Esto evita grandes inversiones iniciales en hardware.

8. El proveedor mantiene la infraestructura

El proveedor se encarga de gran parte del mantenimiento:

  • energía,
  • refrigeración,
  • reemplazo de equipos,
  • redundancia,
  • parches físicos y operativos.

Tú te concentras más en tus aplicaciones y datos que en administrar servidores físicos.


Analogía

Imagina que la computación en la nube es como usar un gimnasio en lugar de construir uno en tu casa.

  • El proveedor de la nube es el dueño del gimnasio.
  • Los servidores, almacenamiento y redes son las máquinas, pesas y espacios del gimnasio.
  • no compras el edificio ni el equipo completo: solo accedes cuando lo necesitas.
  • Si hoy quieres entrenar mucho, usas más máquinas.
  • Si mañana no vas, no pagas por tenerlas guardadas en casa.
  • Además, el gimnasio se encarga de limpieza, mantenimiento y seguridad.

Así funciona la nube: te da acceso a “infraestructura tecnológica” sin que tengas que construirla, gestionarla y repararla tú mismo.


Tres ideas erróneas comunes

1. “La nube es algo invisible o mágico”

No es magia: son servidores físicos reales en centros de datos, conectados por redes y gestionados con software avanzado.

2. “Usar la nube significa que ya no necesito preocuparme por la seguridad”

La nube mejora muchas cosas, pero la seguridad es responsabilidad compartida.

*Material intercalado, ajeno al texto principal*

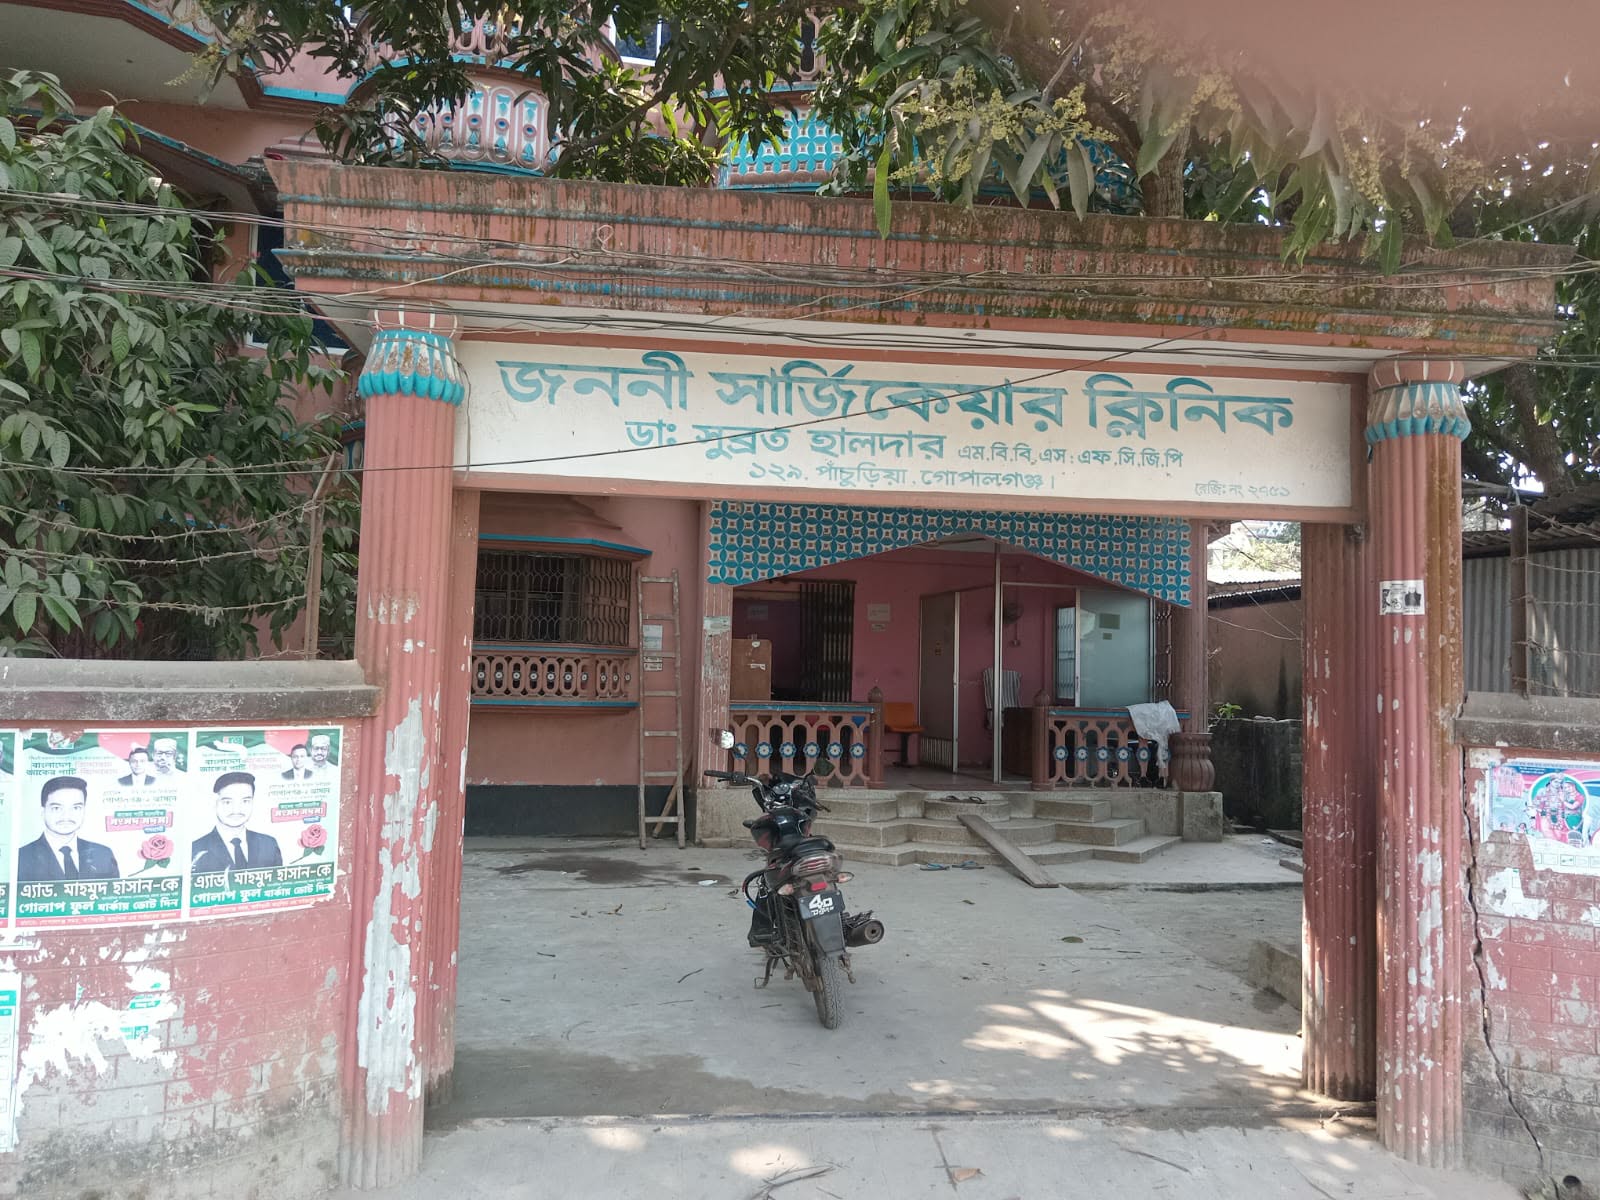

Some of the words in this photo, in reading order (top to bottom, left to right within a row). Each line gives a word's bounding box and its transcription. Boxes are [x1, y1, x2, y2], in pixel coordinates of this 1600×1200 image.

El proveedor protege la infraestructura; tú debes proteger accesos, configuraciones, permisos y datos.

3. “La nube siempre es más barata que tener servidores propios”

No necesariamente. Puede ser más rentable por flexibilidad y menor mantenimiento, pero si una empresa usa muchos recursos de forma constante y sin optimización, los costos pueden crecer bastante.